---------- PROVIDED RECORDS
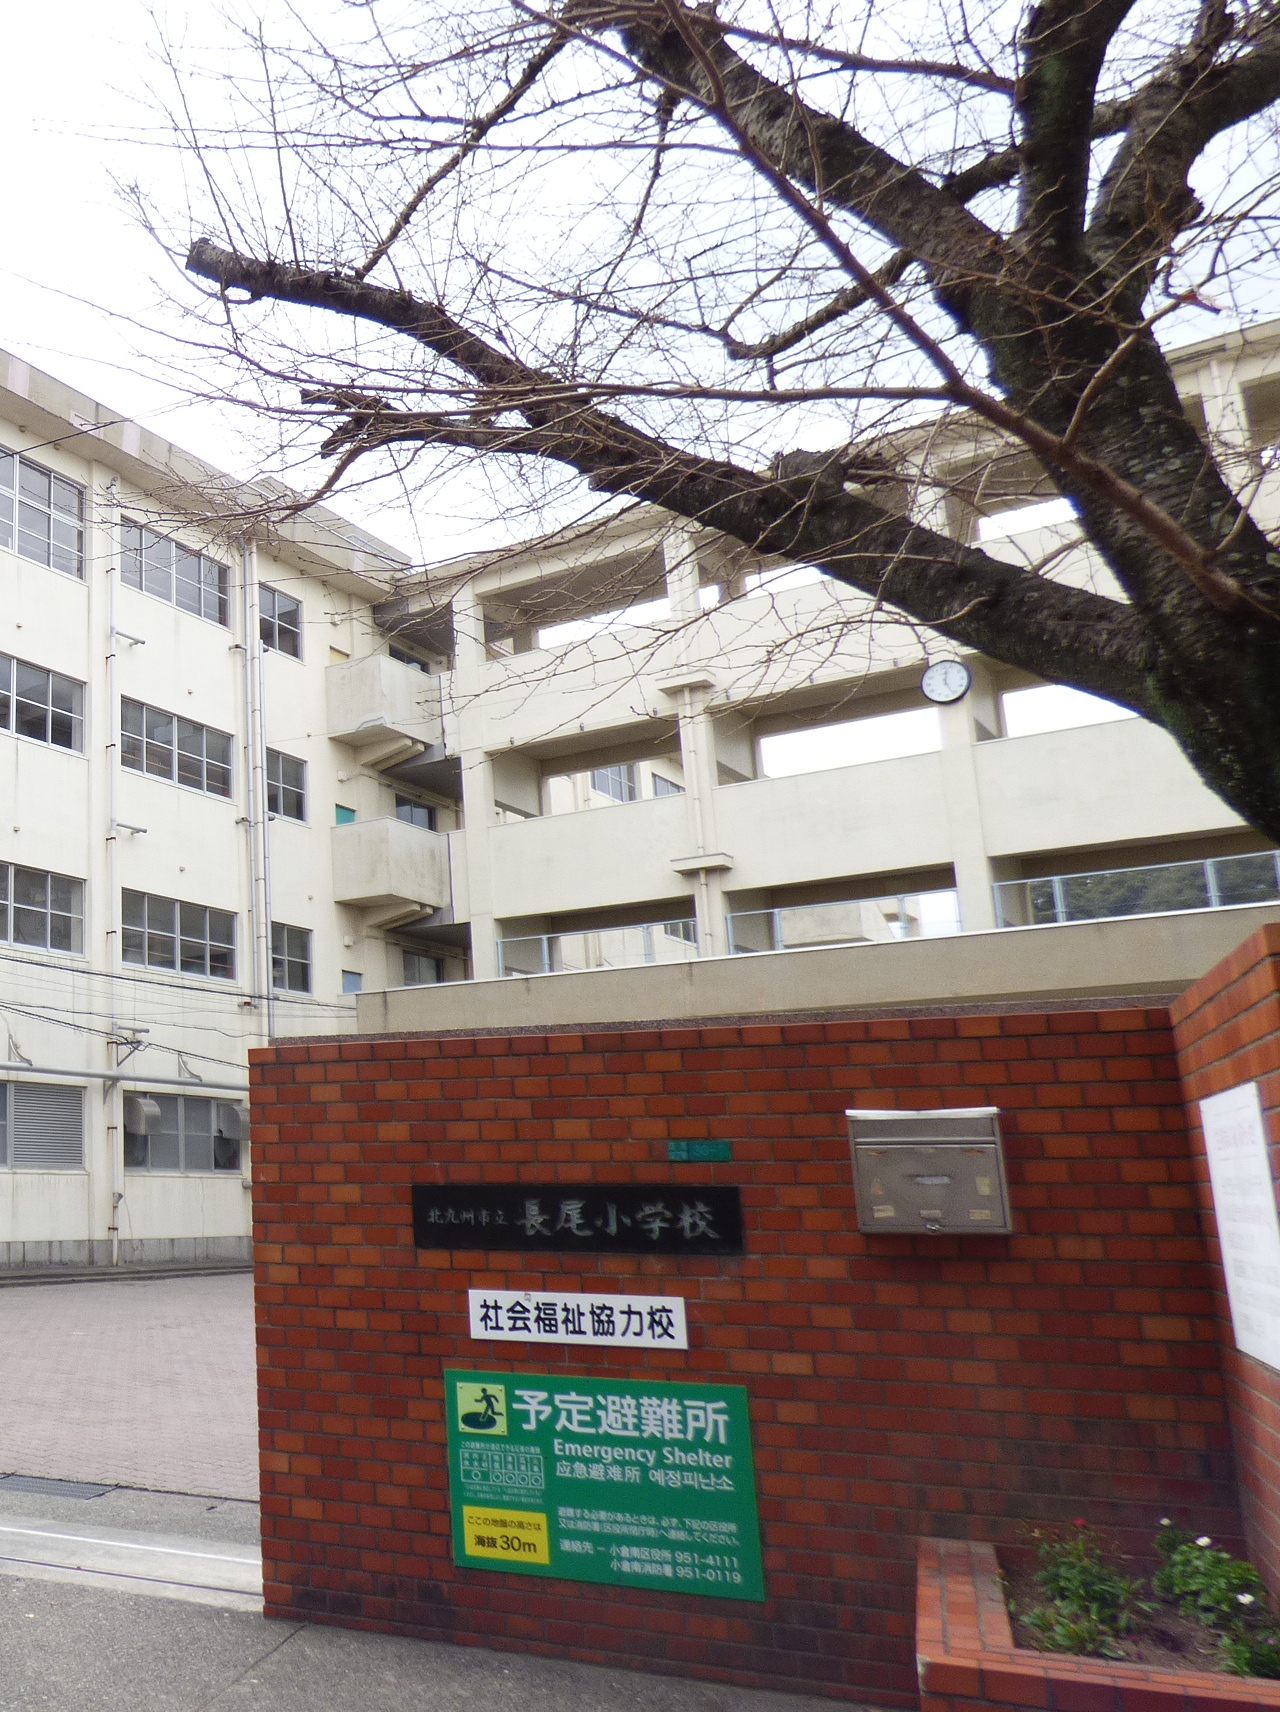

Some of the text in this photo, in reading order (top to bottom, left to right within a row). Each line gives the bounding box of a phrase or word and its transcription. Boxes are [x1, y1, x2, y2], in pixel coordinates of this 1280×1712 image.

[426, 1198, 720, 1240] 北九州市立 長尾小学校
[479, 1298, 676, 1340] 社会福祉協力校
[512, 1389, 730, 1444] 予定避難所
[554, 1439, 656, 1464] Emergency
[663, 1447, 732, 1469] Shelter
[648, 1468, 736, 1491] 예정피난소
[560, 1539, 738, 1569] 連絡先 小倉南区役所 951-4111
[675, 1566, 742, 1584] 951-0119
--------------------
> **TASK DIRECTIONS**
Write out every entry again word for word, without any of the pictures.

> **OUTPUT BELOW**
Some of the text in this photo, in reading order (top to bottom, left to right within a row). Each line gives the bounding box of a phrase or word and its transcription. Boxes are [x1, y1, x2, y2], in pixel coordinates of this 1280×1712 image.

[426, 1198, 720, 1240] 北九州市立 長尾小学校
[479, 1298, 676, 1340] 社会福祉協力校
[512, 1389, 730, 1444] 予定避難所
[554, 1439, 656, 1464] Emergency
[663, 1447, 732, 1469] Shelter
[648, 1468, 736, 1491] 예정피난소
[560, 1539, 738, 1569] 連絡先 小倉南区役所 951-4111
[675, 1566, 742, 1584] 951-0119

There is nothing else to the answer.